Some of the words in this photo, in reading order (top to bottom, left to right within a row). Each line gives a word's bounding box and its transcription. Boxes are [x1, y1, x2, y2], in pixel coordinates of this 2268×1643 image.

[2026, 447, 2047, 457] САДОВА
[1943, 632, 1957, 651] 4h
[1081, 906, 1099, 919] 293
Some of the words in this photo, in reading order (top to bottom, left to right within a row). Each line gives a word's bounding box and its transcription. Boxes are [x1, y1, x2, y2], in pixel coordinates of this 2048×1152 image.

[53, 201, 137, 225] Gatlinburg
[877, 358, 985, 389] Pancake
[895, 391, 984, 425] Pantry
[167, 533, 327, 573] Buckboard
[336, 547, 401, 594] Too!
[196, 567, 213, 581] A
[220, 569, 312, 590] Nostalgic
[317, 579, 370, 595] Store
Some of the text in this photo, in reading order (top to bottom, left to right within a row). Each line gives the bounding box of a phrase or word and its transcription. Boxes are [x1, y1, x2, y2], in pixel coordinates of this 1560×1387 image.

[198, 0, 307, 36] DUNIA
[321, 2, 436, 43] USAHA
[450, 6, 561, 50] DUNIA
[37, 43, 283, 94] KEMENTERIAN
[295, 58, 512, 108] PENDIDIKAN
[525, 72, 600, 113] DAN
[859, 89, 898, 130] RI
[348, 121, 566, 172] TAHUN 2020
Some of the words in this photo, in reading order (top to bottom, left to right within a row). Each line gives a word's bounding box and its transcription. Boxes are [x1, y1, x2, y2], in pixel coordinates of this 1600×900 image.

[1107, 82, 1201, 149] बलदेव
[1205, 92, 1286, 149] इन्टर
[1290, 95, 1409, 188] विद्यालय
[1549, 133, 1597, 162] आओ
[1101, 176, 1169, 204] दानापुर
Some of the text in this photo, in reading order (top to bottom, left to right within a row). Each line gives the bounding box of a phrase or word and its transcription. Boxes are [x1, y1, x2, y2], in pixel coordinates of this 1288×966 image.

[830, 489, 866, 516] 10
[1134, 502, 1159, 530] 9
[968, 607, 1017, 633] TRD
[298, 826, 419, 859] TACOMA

===============

What the task requires: Reproduce the entire listing word for word.

Your solution:
Some of the words in this photo, in reading order (top to bottom, left to right within a row). Each line gives a word's bounding box and its transcription. Boxes are [x1, y1, x2, y2], in pixel coordinates of this 2268×1643 image.

[2026, 447, 2047, 457] САДОВА
[1943, 632, 1957, 651] 4h
[1081, 906, 1099, 919] 293
Some of the words in this photo, in reading order (top to bottom, left to right within a row). Each line gives a word's bounding box and its transcription. Boxes are [x1, y1, x2, y2], in pixel coordinates of this 2048×1152 image.

[53, 201, 137, 225] Gatlinburg
[877, 358, 985, 389] Pancake
[895, 391, 984, 425] Pantry
[167, 533, 327, 573] Buckboard
[336, 547, 401, 594] Too!
[196, 567, 213, 581] A
[220, 569, 312, 590] Nostalgic
[317, 579, 370, 595] Store
Some of the text in this photo, in reading order (top to bottom, left to right within a row). Each line gives the bounding box of a phrase or word and its transcription. Boxes are [x1, y1, x2, y2], in pixel coordinates of this 1560×1387 image.

[198, 0, 307, 36] DUNIA
[321, 2, 436, 43] USAHA
[450, 6, 561, 50] DUNIA
[37, 43, 283, 94] KEMENTERIAN
[295, 58, 512, 108] PENDIDIKAN
[525, 72, 600, 113] DAN
[859, 89, 898, 130] RI
[348, 121, 566, 172] TAHUN 2020
Some of the words in this photo, in reading order (top to bottom, left to right within a row). Each line gives a word's bounding box and its transcription. Boxes are [x1, y1, x2, y2], in pixel coordinates of this 1600×900 image.

[1107, 82, 1201, 149] बलदेव
[1205, 92, 1286, 149] इन्टर
[1290, 95, 1409, 188] विद्यालय
[1549, 133, 1597, 162] आओ
[1101, 176, 1169, 204] दानापुर
Some of the text in this photo, in reading order (top to bottom, left to right within a row). Each line gives the bounding box of a phrase or word and its transcription. Boxes are [x1, y1, x2, y2], in pixel coordinates of this 1288×966 image.

[830, 489, 866, 516] 10
[1134, 502, 1159, 530] 9
[968, 607, 1017, 633] TRD
[298, 826, 419, 859] TACOMA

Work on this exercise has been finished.